Diagnose the problem

Ubuntu includes many standard network troubleshooting tools you can access from the command line, like ping and traceroute. These tools are very useful on Windows, too, where they must be run from a Command Prompt window.

The ping command is probably the most useful. Open a terminal, type the following command, and press Enter:

ping -c 5 google.com

This command will send five ICMP echo request packets to google.com. You should see five responses. If you see zero responses, your computer can't reach google.com — this means Google.com is down or, more likely, your Internet connection isn't working at all. If you get fewer than five responses, you know that you're experiencing "packet loss," which can indicate there's a problem with Google, your router, your modem, or your Internet service provider.

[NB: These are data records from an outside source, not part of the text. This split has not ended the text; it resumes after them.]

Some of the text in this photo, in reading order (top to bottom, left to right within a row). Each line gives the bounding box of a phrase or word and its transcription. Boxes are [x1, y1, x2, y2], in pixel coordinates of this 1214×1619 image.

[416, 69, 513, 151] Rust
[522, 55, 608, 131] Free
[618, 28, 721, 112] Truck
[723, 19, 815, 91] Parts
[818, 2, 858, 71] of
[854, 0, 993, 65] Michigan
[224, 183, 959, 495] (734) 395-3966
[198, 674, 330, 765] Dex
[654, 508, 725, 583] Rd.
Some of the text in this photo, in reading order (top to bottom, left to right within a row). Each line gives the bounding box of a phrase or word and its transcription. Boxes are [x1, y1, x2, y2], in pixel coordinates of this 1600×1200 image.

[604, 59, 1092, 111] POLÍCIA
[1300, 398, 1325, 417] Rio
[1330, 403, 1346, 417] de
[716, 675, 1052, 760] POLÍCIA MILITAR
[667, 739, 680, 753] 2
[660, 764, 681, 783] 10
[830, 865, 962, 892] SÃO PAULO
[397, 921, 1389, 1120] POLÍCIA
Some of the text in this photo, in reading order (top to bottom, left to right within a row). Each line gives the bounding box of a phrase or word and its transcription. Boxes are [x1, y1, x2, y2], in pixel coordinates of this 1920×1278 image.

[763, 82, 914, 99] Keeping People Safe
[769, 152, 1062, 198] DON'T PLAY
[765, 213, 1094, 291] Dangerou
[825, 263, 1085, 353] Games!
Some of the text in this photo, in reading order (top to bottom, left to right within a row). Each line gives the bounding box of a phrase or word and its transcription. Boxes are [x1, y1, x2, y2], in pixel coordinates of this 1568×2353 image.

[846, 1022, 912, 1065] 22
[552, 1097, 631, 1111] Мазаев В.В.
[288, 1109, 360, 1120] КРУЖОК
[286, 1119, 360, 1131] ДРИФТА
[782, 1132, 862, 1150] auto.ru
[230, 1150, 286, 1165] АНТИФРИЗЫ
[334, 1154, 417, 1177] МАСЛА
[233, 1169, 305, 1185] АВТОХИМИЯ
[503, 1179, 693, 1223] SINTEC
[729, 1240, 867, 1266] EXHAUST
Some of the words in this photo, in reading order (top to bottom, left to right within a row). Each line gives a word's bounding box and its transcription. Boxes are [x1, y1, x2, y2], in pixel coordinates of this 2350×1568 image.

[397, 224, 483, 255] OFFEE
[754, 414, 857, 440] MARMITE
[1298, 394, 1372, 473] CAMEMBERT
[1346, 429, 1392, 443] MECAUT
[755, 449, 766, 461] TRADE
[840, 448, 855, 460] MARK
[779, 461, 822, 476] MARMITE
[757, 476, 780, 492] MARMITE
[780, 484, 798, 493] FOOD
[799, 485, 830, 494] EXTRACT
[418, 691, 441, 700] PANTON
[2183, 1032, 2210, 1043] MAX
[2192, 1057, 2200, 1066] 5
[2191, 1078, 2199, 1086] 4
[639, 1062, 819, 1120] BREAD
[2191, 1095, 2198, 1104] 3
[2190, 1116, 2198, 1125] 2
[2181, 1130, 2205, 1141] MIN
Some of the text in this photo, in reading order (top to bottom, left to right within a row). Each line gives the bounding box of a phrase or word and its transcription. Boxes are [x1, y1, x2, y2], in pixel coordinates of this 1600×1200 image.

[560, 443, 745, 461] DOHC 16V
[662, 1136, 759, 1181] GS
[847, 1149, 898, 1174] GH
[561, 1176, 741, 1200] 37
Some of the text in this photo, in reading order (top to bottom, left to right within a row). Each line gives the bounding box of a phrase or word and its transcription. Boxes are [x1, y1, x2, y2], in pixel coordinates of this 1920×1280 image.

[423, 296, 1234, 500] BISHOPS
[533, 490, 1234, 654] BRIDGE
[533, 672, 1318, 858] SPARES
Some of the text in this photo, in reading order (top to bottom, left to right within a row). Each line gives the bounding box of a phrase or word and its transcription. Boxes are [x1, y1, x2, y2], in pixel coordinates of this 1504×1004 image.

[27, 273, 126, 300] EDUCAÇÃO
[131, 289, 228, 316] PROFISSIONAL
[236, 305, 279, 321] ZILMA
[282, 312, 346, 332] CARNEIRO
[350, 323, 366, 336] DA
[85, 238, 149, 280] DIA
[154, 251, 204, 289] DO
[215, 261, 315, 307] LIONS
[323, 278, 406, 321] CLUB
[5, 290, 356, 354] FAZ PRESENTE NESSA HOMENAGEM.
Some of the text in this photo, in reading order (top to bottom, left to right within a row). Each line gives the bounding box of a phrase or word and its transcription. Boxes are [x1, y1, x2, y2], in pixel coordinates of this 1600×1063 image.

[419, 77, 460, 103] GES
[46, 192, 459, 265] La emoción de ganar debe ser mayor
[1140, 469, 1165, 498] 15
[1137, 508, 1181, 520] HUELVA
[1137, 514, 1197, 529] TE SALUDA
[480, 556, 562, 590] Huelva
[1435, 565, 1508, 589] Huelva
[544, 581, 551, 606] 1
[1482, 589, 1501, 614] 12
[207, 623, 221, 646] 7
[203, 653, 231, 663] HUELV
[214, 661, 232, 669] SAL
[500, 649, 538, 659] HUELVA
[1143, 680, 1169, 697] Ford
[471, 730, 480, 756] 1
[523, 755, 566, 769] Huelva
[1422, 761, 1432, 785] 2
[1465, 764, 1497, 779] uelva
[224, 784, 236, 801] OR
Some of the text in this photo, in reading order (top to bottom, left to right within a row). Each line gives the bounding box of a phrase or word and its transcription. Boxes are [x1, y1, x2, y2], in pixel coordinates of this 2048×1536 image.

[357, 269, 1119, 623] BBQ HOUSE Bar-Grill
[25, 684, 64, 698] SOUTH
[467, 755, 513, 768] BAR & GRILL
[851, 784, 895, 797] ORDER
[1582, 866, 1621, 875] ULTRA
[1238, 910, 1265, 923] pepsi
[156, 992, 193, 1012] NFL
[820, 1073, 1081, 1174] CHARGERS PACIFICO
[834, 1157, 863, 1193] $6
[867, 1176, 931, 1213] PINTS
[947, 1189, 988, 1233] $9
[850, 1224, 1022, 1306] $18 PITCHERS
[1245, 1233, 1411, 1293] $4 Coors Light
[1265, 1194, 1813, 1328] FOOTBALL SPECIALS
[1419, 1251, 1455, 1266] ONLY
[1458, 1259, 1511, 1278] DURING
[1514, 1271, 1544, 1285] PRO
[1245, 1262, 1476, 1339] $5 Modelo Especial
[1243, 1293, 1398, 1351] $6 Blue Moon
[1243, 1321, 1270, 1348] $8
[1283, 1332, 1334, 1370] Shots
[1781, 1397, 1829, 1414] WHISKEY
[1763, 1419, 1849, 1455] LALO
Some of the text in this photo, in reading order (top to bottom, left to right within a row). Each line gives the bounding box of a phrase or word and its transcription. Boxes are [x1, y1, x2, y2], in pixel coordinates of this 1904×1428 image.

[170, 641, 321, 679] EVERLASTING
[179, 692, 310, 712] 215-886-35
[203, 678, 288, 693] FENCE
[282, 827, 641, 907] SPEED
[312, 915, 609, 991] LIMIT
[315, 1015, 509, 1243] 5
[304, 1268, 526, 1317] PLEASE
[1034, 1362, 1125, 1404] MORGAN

The ping command can help you see what the problem is — whether you have no Internet connection at all, packet loss, or just extreme latency. Ping is also essential for diagnosing Internet connection problems in Windows.

If you're new to Ubuntu, don't want to mess with terminal commands and can get online at another location, you may want to skip the terminal and use a graphical tool instead. Ubuntu used to include this tool, but now you have to install it  from the Ubuntu Software Center.

Open the Ubuntu Software Center, search for "Network Tools," install the Network Tools application, and launch it. The program provides a graphical interface for ping, traceroute, and other network diagnostic commands.

Maybe it's someone else's fault

Remember, you can't always solve every Internet connection problem on your own. The problem may be with a remote website, a switch somewhere in the route between you and that website, or your Internet service provider. Ask your neighbors if they're having problems, or you check with your ISP.